Now came the seventh and last. And what could she do? She could tell as many fairy-tales as she chose.

“Here are my five fingers,” said the old Mountain Elf. “For each one tell me a story.”

And the Elfin maiden took hold of him by the wrist, and he laughed till he was almost choked; and when she came to the finger that wore a golden ring, just as if it knew that matrimony was going on, the old Elf said, “Hold fast what you have! The hand is yours! I will take you myself to wife!”

And the Elfin maiden said that the fairy-tale to the ring-finger and to the little finger were wanting.

“O, we’ll hear them in winter,” said the old Elf; “and about the fir-tree too, and about the birch, and the gifts of the wood-nymphs, and about the crackling frost. You shall have opportunities enough of telling stories, for no one understands that yonder. And there we will sit in our rocky dwelling, where the pine-torch is burning, and where we drink mead out of the golden horns of the old Norwegian kings; I got some as a present from the Water-spirit. And when we are sitting so together, Garbo will come to pay us a visit, and he will sing to you all the songs of the mountain maidens. How merry we shall be! The salmon will leap in the waterfall, and dash against the walls of rock; but he will not be able to come in to us, after all! Yes, yes; one leads a happy, comfortable life in dear old Norway! But where are the boys?”

Where were they? Why, they were running about the fields, blowing out the wills-o’-the-wisp that were coming quite orderly to have a procession with torches.

“What’s all this harum-scarum about?” said the old Elf. “I have taken a step-mother for you; methinks now you may choose a wife too.”

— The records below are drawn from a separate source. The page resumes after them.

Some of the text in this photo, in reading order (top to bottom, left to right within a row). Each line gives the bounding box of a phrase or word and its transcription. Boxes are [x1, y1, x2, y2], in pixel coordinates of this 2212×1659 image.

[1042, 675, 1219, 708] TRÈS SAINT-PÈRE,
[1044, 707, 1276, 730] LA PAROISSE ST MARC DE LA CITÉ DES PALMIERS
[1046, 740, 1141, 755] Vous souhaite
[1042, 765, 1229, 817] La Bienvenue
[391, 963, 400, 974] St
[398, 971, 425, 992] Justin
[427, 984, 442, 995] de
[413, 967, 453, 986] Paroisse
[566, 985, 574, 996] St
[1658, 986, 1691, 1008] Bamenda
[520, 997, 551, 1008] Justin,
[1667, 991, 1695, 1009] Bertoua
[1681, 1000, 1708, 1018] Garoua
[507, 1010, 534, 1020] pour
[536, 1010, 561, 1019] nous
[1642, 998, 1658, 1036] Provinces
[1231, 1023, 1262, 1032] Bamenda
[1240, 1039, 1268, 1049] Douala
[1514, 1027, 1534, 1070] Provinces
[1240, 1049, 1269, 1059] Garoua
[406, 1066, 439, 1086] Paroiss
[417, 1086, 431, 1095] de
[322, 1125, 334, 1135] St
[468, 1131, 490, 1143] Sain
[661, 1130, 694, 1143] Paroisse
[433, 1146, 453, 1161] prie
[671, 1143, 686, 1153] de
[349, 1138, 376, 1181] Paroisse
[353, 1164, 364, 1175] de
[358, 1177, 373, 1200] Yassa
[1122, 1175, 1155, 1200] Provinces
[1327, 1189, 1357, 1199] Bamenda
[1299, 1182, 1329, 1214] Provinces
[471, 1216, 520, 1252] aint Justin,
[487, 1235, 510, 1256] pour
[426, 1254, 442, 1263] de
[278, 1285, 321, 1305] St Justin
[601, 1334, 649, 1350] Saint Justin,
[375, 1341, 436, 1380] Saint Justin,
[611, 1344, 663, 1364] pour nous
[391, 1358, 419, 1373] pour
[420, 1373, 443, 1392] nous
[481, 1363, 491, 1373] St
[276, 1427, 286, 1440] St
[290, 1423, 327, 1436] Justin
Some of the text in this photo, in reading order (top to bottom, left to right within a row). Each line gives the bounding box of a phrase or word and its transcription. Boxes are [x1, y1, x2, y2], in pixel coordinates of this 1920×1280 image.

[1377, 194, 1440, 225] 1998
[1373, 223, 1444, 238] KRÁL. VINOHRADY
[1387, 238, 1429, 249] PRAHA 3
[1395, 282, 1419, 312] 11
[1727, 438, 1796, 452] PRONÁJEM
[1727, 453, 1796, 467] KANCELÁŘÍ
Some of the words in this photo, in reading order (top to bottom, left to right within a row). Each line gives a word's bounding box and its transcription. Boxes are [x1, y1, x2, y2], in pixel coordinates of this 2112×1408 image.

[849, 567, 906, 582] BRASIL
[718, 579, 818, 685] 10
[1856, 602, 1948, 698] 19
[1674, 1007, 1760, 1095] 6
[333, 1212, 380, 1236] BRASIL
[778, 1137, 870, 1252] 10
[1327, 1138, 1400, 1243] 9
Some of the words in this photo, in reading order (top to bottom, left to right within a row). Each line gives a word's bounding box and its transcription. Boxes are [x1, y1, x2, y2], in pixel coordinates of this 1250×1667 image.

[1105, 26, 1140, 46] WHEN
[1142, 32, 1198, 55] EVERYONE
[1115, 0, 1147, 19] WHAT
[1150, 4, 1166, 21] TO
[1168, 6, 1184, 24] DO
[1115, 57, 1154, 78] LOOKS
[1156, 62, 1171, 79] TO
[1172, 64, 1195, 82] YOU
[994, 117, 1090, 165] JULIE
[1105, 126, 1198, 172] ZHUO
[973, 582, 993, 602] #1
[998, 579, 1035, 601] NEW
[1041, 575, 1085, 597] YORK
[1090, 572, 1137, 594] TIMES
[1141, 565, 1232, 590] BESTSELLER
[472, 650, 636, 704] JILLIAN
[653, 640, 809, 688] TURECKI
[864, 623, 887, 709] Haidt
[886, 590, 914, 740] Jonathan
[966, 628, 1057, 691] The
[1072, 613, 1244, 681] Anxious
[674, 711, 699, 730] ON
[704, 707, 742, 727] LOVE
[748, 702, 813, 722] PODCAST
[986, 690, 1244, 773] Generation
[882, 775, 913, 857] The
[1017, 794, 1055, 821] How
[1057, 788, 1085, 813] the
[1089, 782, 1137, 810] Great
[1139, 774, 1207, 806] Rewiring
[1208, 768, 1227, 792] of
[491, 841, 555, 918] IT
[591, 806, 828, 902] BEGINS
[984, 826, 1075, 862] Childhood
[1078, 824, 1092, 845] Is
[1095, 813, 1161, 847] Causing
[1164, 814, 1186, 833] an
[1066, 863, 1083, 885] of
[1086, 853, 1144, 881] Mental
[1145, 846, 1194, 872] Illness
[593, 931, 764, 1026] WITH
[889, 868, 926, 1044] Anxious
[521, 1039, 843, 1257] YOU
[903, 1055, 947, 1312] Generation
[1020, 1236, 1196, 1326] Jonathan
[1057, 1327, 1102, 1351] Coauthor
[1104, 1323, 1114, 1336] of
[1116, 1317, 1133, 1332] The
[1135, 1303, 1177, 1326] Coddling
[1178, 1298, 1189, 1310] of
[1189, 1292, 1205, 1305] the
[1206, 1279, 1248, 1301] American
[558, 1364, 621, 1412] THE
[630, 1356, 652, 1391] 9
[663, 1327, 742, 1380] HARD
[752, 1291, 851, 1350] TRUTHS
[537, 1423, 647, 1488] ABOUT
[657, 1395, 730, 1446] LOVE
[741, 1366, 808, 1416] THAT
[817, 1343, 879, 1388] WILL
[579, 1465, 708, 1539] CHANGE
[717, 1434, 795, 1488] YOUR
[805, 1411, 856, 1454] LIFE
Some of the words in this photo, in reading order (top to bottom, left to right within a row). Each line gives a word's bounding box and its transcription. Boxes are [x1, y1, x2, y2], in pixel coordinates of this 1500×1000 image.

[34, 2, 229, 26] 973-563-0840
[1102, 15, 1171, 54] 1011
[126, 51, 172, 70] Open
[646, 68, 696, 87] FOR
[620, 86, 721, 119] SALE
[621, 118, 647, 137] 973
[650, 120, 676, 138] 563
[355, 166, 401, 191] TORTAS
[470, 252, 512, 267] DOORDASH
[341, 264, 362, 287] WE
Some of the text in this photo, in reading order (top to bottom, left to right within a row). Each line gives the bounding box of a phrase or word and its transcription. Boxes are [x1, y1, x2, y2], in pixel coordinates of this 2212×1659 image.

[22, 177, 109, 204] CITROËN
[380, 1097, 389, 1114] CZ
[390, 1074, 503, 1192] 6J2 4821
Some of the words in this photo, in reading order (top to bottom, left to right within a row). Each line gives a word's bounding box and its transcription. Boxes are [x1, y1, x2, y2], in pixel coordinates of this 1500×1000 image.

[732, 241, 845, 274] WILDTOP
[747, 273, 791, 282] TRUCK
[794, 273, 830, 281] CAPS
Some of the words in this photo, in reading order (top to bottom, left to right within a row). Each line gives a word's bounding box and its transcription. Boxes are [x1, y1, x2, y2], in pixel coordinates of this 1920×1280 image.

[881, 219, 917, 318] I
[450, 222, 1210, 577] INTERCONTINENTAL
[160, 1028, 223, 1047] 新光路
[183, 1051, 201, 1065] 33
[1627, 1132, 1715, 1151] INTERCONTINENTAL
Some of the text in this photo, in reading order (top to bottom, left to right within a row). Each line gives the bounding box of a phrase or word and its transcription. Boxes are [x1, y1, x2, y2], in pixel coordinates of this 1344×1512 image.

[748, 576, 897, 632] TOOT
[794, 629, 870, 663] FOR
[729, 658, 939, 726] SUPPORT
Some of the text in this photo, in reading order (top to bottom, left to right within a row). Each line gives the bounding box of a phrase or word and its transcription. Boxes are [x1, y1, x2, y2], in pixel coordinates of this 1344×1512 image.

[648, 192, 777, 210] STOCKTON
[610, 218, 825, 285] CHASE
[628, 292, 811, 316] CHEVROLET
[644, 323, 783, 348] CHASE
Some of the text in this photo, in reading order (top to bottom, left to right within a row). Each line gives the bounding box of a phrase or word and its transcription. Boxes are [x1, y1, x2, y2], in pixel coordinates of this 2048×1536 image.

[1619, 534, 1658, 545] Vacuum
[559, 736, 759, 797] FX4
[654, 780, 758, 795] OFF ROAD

But they said they liked speechifying and boon companionship better, and had no taste for matrimony; and so they made speeches, tossed off their glasses, and turned them topsy-turvy, to show that they were quite empty. They then pulled off their coats, and lay down on the table to sleep. But the old Elf danced round the room with his young bride, and exchanged boots with her; for that is much more genteel than exchanging rings.

“The cock is crowing!” said the elderly damsel who attended to the housekeeping. “We must now bolt the shutters, lest the sun should spoil our complexions.”

And then the mound closed. The Lizards ran about and up and down the cleft tree and one said to the other, “How much I like the old Mountain Elf!”

“I like the merry boys better,” said the Earth-worm; but then he could not see, poor wretch!